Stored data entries
+++
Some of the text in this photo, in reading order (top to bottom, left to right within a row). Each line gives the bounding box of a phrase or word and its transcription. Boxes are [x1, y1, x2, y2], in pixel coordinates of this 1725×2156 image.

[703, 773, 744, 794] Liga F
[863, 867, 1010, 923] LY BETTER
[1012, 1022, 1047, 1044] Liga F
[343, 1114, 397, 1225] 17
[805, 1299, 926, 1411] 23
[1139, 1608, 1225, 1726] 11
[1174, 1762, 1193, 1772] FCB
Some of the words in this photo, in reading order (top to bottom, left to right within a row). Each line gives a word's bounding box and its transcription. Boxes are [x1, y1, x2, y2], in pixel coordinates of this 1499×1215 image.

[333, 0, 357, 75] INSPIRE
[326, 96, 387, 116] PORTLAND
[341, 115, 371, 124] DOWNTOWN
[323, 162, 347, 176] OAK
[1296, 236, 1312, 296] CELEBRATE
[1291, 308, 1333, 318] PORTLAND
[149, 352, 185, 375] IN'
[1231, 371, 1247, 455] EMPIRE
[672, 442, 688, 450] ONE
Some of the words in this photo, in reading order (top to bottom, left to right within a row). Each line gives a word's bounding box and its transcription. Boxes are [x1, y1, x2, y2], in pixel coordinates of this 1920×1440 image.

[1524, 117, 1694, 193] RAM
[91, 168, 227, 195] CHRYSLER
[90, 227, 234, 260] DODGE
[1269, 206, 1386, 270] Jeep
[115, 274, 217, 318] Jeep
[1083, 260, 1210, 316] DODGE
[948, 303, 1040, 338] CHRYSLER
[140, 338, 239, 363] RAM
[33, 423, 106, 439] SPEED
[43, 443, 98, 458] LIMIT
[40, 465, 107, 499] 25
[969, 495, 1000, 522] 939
+++
TRY IT: Using the data above, print every record exactly as shown.

OUTPUT BELOW:
Some of the text in this photo, in reading order (top to bottom, left to right within a row). Each line gives the bounding box of a phrase or word and its transcription. Boxes are [x1, y1, x2, y2], in pixel coordinates of this 1725×2156 image.

[703, 773, 744, 794] Liga F
[863, 867, 1010, 923] LY BETTER
[1012, 1022, 1047, 1044] Liga F
[343, 1114, 397, 1225] 17
[805, 1299, 926, 1411] 23
[1139, 1608, 1225, 1726] 11
[1174, 1762, 1193, 1772] FCB
Some of the words in this photo, in reading order (top to bottom, left to right within a row). Each line gives a word's bounding box and its transcription. Boxes are [x1, y1, x2, y2], in pixel coordinates of this 1499×1215 image.

[333, 0, 357, 75] INSPIRE
[326, 96, 387, 116] PORTLAND
[341, 115, 371, 124] DOWNTOWN
[323, 162, 347, 176] OAK
[1296, 236, 1312, 296] CELEBRATE
[1291, 308, 1333, 318] PORTLAND
[149, 352, 185, 375] IN'
[1231, 371, 1247, 455] EMPIRE
[672, 442, 688, 450] ONE
Some of the words in this photo, in reading order (top to bottom, left to right within a row). Each line gives a word's bounding box and its transcription. Boxes are [x1, y1, x2, y2], in pixel coordinates of this 1920×1440 image.

[1524, 117, 1694, 193] RAM
[91, 168, 227, 195] CHRYSLER
[90, 227, 234, 260] DODGE
[1269, 206, 1386, 270] Jeep
[115, 274, 217, 318] Jeep
[1083, 260, 1210, 316] DODGE
[948, 303, 1040, 338] CHRYSLER
[140, 338, 239, 363] RAM
[33, 423, 106, 439] SPEED
[43, 443, 98, 458] LIMIT
[40, 465, 107, 499] 25
[969, 495, 1000, 522] 939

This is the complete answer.